OOPS! Guess the column did run in the paper today, so here it is.
As a GAL in this state, I am thrilled that the issue of full staffing for OCS and the need for more foster parents is actually catching some attention, if not more money, down in Juneau. Usually, issues like this take a back seat to gas line talks, revenue projections and whether Mr. Whitekeys should be named the new state fossil.
So I hate to be the one to point out any flaws in this plan to hire more social workers, but I will. The simple fact is that if you increase the number of social workers, you increase the intake valve of the system so it can handle more cases earlier with more attention to detail. That intake of families with problems gets fed down a pipeline that narrows dramatically as you reach the middle. Simply put, there aren’t enough services to meet the needs of families already in the pipeline, let alone adding to the number.

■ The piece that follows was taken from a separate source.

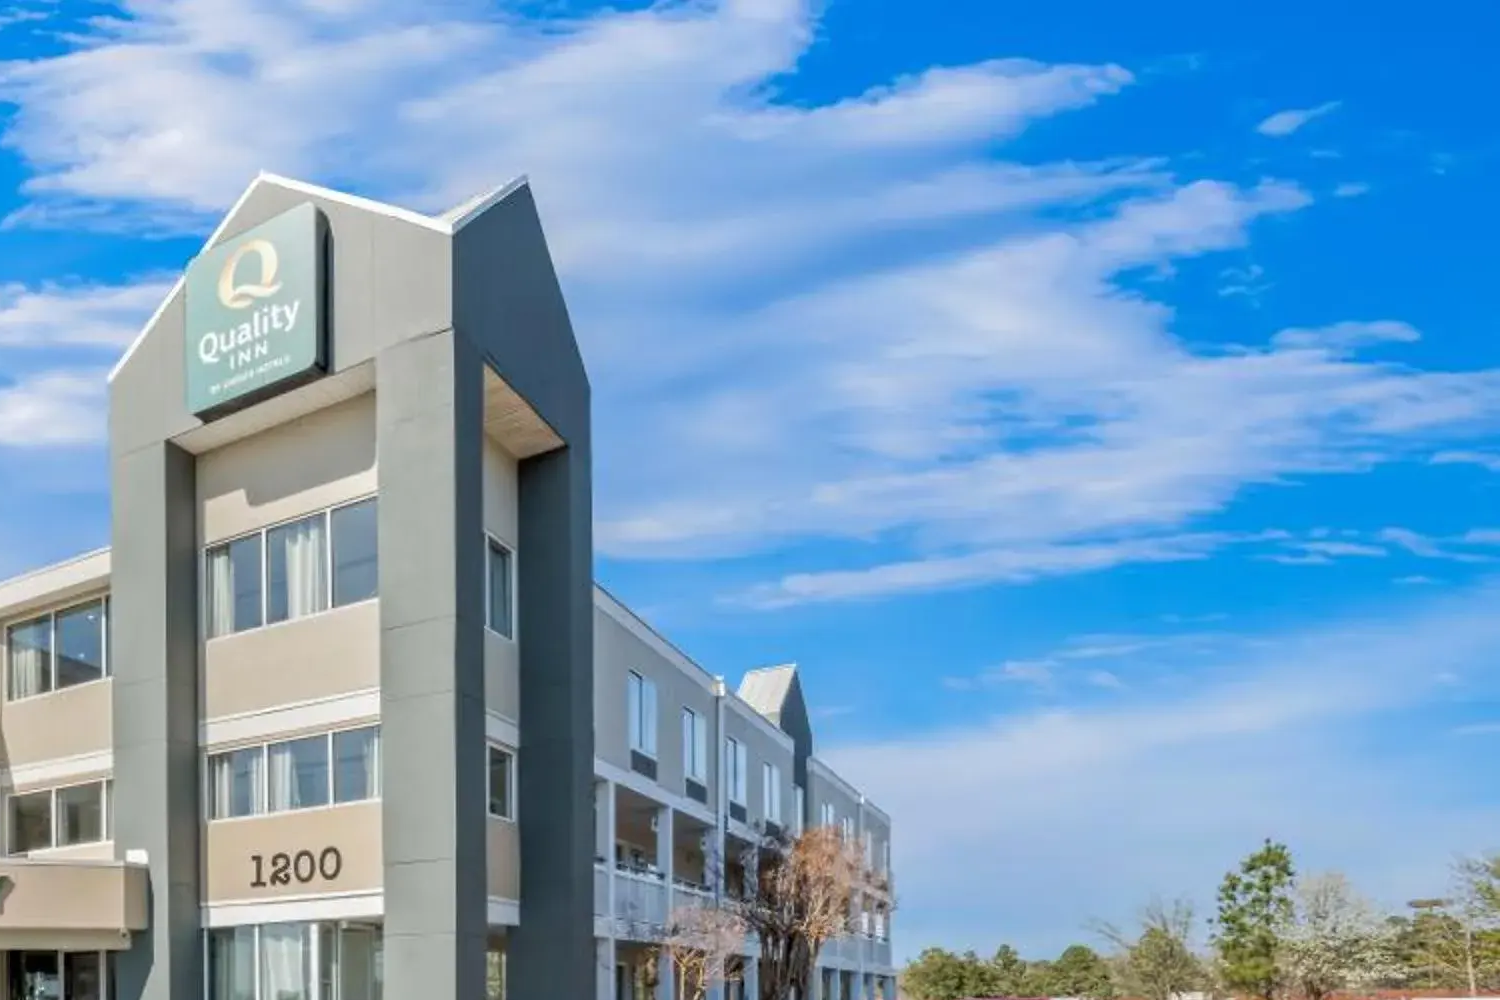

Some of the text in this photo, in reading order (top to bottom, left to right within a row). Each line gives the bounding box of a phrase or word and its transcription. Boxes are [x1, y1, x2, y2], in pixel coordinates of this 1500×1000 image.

[218, 239, 283, 309] Q
[198, 300, 300, 364] Quality
[230, 340, 268, 370] INN
[250, 846, 342, 887] 1200

Families with domestic violence and/or substance abuse problems have enormous needs. To reunite a family, those needs must be met in as short a time as possible. Study after study has shown that damage to children starts pretty early when they are in a drunken, abusive atmosphere. Pull them out and plop them into a stranger’s home and, no matter how loving and kind that foster family might be, you compound the damage even though it has to be done for the child’s safety. So you have a very narrow window to do the work needed to keep a family together in a healthy fashion that promotes the welfare of the child.
Healing families with these problems takes a lot of human resources. You need family counselors, addiction counselors, domestic violence counselors, parenting counselors…well, you get the picture. It not only take a lot of human resources to reunite the family, but it then takes a lot of continuing resources to support the family so there is no relapse. Because even worse than taking a child from a family the first time is repeated removals from the home which leaves a child’s sense of security and safety blown to bits.
Unfortunately, what we have the least of in this state is what we need the most of, especially if we plan to increase the number of social workers so that we can reach more troubled families earlier. We already have long waiting lists for the few programs available in the state.
So the question that must be asked is how long we think even the most accomplished of social workers can keep a family from imploding when they are on a waiting list of six to eight months for the services the family needs to start healing.
There was a push a few decades ago when we were flush with oil money to make services locally available throughout the state and to make them culturally relevant. That dream was one of the first victims of our falling revenues. While some programs still exist in the Bush, most are now in urban centers since that makes the most financial sense.
So the situation we have today is an overwhelming amount of need and a very finite amount of resources to fill that need. What that means for the future is that for every cent we don’t allocate today to help families in need, we will spend five time that amount when these children grow up. Because study after study shows that these are the people who fill our prisons, psychiatric hospitals and substance abuse treatment facilities. These are the people who all too often grow up to be non-productive members of our society who drain our coffers without offering any return on our dollars. If we help when they are little, at least we have some hope that they will enter society as healthy, contributing members.
When you are a troubled family with multiple substance abuse problems and domestic violence issues waiting for an opening in a crowded facility, each day that you wait is another day when you can slide back into total chaos. And each slide backwards is a devastating blow to any child in that home trying to make sense of life and how it should be lived.
Social workers are not miracle workers. No matter how many you have, if you don’t have the support services they need to offer to these families, it’s like sending a soldier into battle with a thousand comrades and no weapons. You’ve lost before the enemy has even been engaged.